In the USA,
psoriasis affects approximately 3% of the population and costs more than $110 billion annually. The development of targeted biologics has revolutionized
psoriasis management, but at an increasing cost. According to Joint AAD/NPF guidelines, an important need exists to identify
biomarkers that can predict the appropriate
biologic agent for patients.
METHODS: Respondents confirmed that trial and error leads to frequent
biologic switching. The survey indicated that 82% of dermatologists switch 10-30% of their patients in the first year and 98% switch intra-class for at least 50% of non-responding patients. The trial and error is due, in part, to formularies influencing the physician 77% of the time, with only 14% reporting that their first choice and the formulary alignment is greater than 75%. Compounding trial and error, 93% of the physicians report that they wait at least 12 weeks before determining non-response, in alignment with AAD/NPF guidelines. The lack of
precision medicine and this trial-and-error approach result in unnecessary wasted spending and suboptimal patient outcomes.

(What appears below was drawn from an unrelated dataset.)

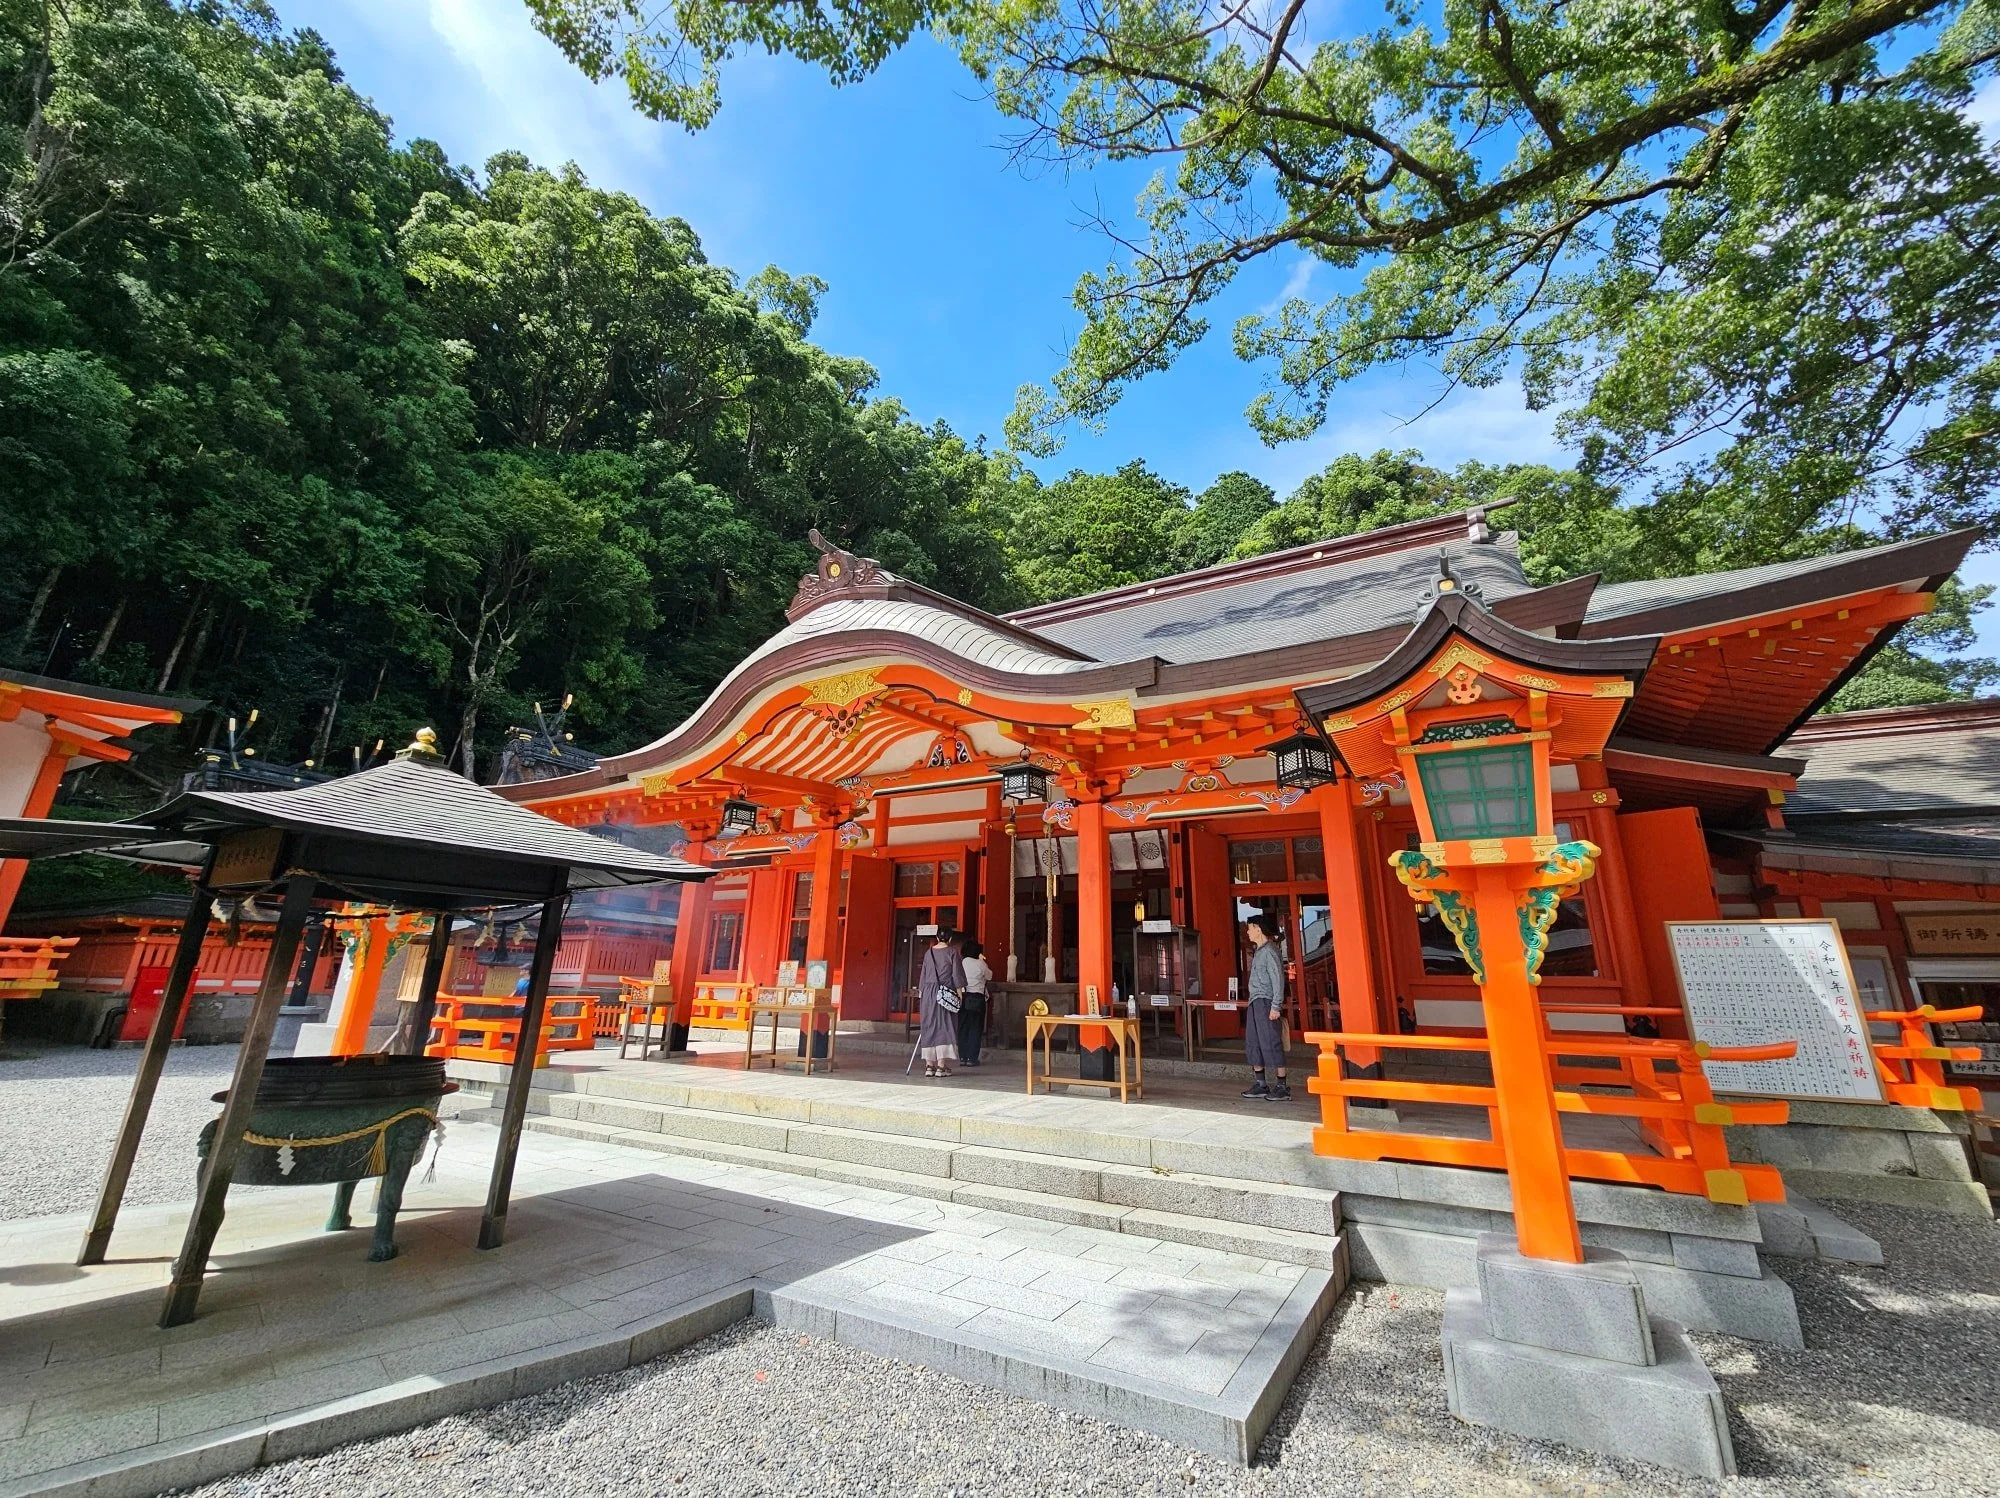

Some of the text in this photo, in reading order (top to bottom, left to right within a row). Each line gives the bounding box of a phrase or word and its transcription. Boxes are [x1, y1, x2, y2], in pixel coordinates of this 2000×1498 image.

[1917, 928, 1989, 940] 御祈祷
[1819, 940, 1869, 1080] 令和七年厄年及寿祈祷

After being given an overview of Mind.Px, a dermal
biomarker patch used to predict therapeutic response to a
biologic class, survey participants expressed that: 93% would utilize Mind.Px results to determine first-line
therapy even if this differed from initial clinical choice 100% would utilize Mind.Px if part of the prior authorization process 98% say Mind.Px would improve patient outcomes 81% reported Mind.Px would help with prior authorization process CONCLUSIONS: Surveyed dermatologists believe a test that predicts
psoriasis treatment response to a class of
biologic drugs would lessen trial and error, provide a tool for physicians to make more informed decisions about
drug selection, improve patient outcomes, and significantly reduce wasted spending.